By Easter Monday Helen found herself barely able to breathe and rang 111, was assessed and an ambulance was sent out. 

“I knew I was in trouble; it was incredibly scary,” she said. “I was asked to make a call to my family at 1am in case I had to go into ICU and that was a really horrible moment.”  
Luckily her condition began to improve, and she did not need to be admitted to hospital, which came as a huge relief.  

Having fought the virus alone for three weeks, she decided to head home for an emotional –and socially-distanced - reunion with her husband.  

“It was lovely to be home, but I just didn’t get better,” said Helen. “I’ve never been ill like that in my life. I could barely walk. I didn’t understand why this was happening, why I was so ill.”  

The asthma and fatigue meant she struggled to walk around her local park and she often felt close to collapse. On April 18 she had to call 111 again, and again an ambulance was sent out following an assessment.  

Her doctor told her she may be suffering with a form of PTSD (post-traumatic stress disorder) and she began undergoing counselling.  

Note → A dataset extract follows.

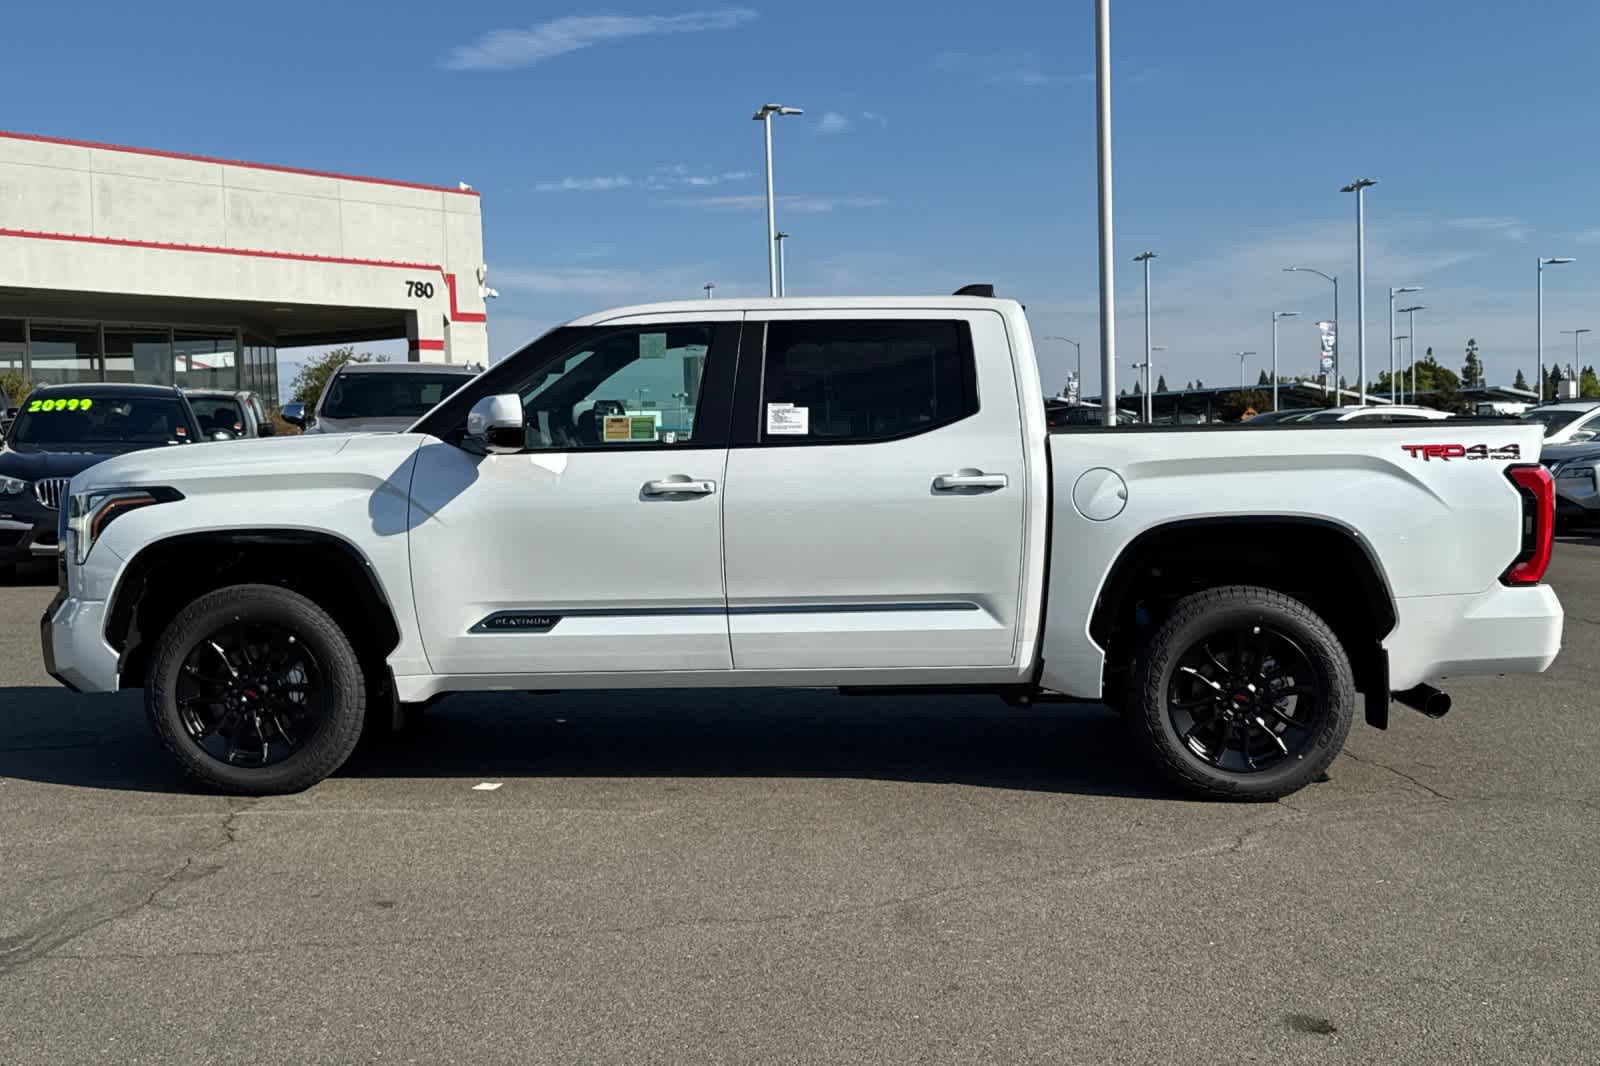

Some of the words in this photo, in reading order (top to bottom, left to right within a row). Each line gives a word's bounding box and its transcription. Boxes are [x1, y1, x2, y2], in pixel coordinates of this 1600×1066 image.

“Having Covid-19 and now long Covid has had a huge effect on my life,” she said. “This virus is not something that you want to give to people. 

“My husband has been wonderful, and my family have been brilliant but to see the effect on them has been very hard. To see my eldest son, who is a toughie, crying down the phone because he was so upset by what he was seeing was a very hard moment. To have my daughter helping me with chest percussion to ease lung congestion, and my second son so worried for me and for his dad has been so hard. They are all being so careful around others and I am so proud of them. 

“Now with a vaccine on the horizon there’s hope that we won’t have to live like this forever but in the meantime it’s about being careful and loving and looking after each other.  
“Anyone who thinks this virus isn’t serious is mistaken; it can affect anybody, and it’s very easily transmitted. If you really care about the people around, you then be very careful about transmission and do everything you are being asked to do. We need to get this virus under control as it’s having a horrible effect on a lot of people.”